When it comes to artificial intelligence, Facebook is looking to tackle all areas of the technology. The company is already conducting research in computer vision, language understanding, machine learning, connectivity, and virtual reality, as well as on other frontiers. To showcase its dedication, the company is giving more insight into its research and breakthroughs, and is revealing what it plans to tackle next.
“Facebook’s long-term road map is focused on building foundational technologies in three areas: connectivity, artificial intelligence and virtual reality,” wrote Mike Schroepfer, CTO of Facebook, in a release. “We believe that major research and engineering breakthroughs in each of these areas will help us make more progress toward opening the world to everyone over the next decade.”
(Related: MIT’s CSAIL is working on AI that can reason)
Recently, the company announced a new deep learning platform, Caffe2Go. The platform is designed to bring real-time AI to a user’s fingertips. Caffe2Go is embedded in the company’s mobile apps, and provides the ability to capture, analyze and process pixels. “We can create gesture-based controls, where the computer can see where you’re pointing and activate different styles or commands,” said Schroepfer.
“We can recognize facial expressions and perform related actions, like putting a ‘yay’ filter over your selfie when you smile. With Caffe2Go, AI has opened the door to new ways for people to express themselves.”
For virtual reality, the company is using artificial intelligence to provide stabilization in 360-degree videos.
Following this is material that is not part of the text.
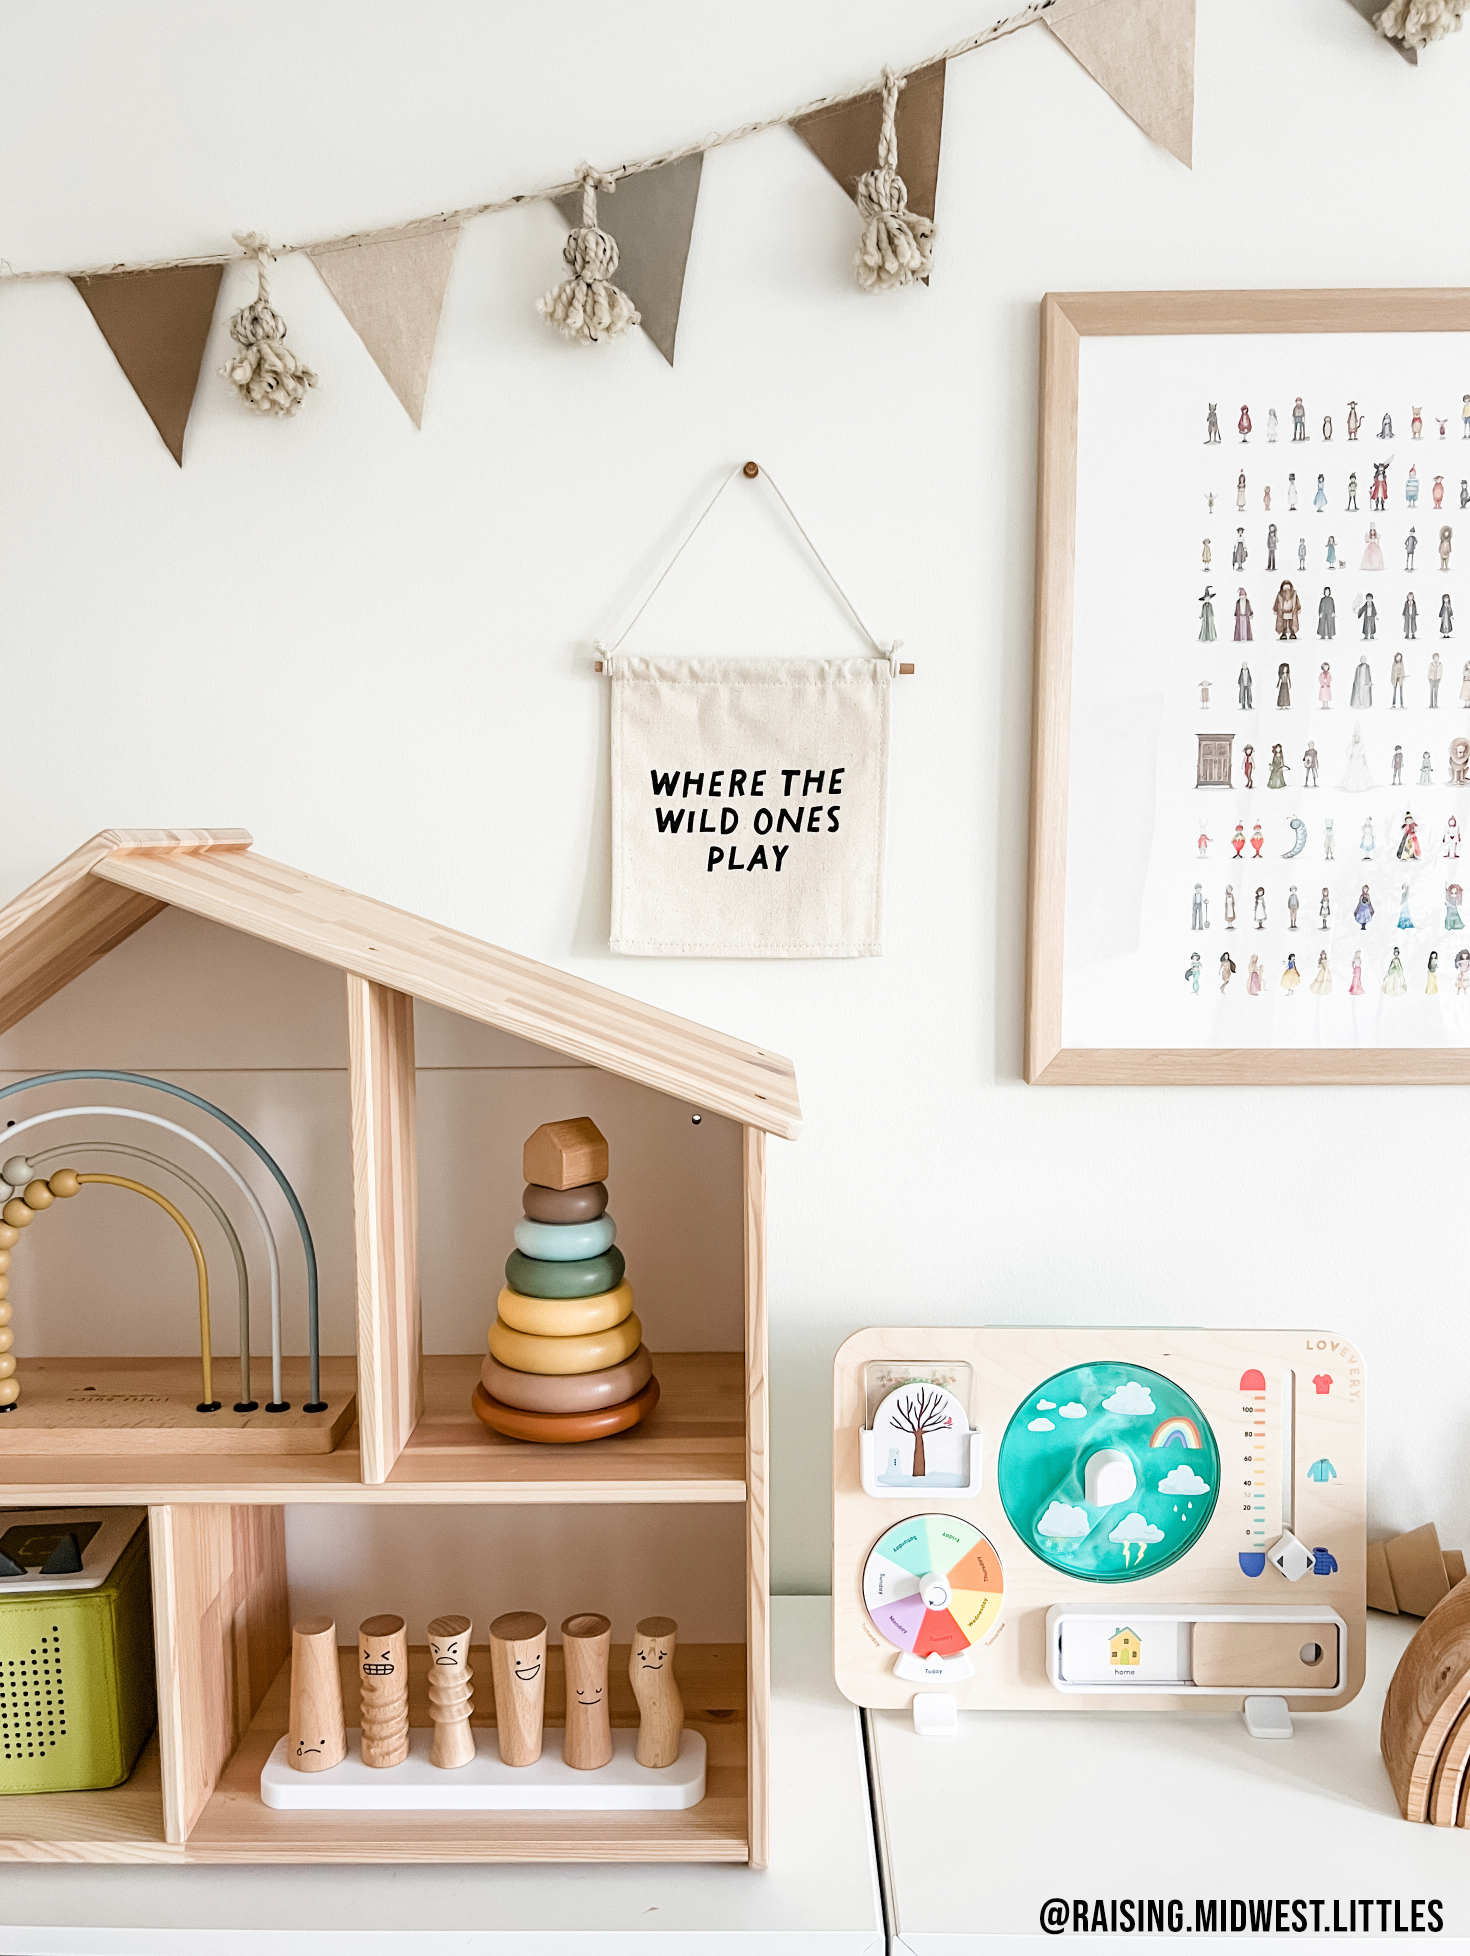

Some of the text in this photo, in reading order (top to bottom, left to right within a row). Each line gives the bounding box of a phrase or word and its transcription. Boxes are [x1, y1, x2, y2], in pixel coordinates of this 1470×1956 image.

It is also working on speech recognition to improve avatars and UI tools, and to help users interact with their VR environment with hands-free voice commands. Finally, it can use computer vision software in its Oculus Connect 3, which will help the VR headset become untethered, according to the company.
Facebook’s AI has already seen action. For example, the company’s Aquila and Terragraph systems use computer vision tools to help improve connectivity technologies.
Facebook is also turning to other research platforms and infrastructures to help them advance AI. These include AutoML, an automated machine learning platform; and Lumos, a computer vision platform. The company also uses memory networks to give computers the ability to remember multiple facts, which can be used for question and answering dialogues, for example.
Going forward, the company will begin to work on giving computers the ability to think, learn, plan and reason like humans.
“It’s exciting to see how AI has progressed over such a short time, and it’s exciting to think about what’s next,” wrote Schroepfer. “When our research succeeds in teaching computers all the abilities I outlined above—context, knowledge about the world, reasoning and predicting—these will add up to something like what we call common sense.
“And when computers have common sense, they can interact with us in better, more natural ways, from surfacing the most relevant information for us and assisting us with tasks, to enabling whole new ways for people to connect.”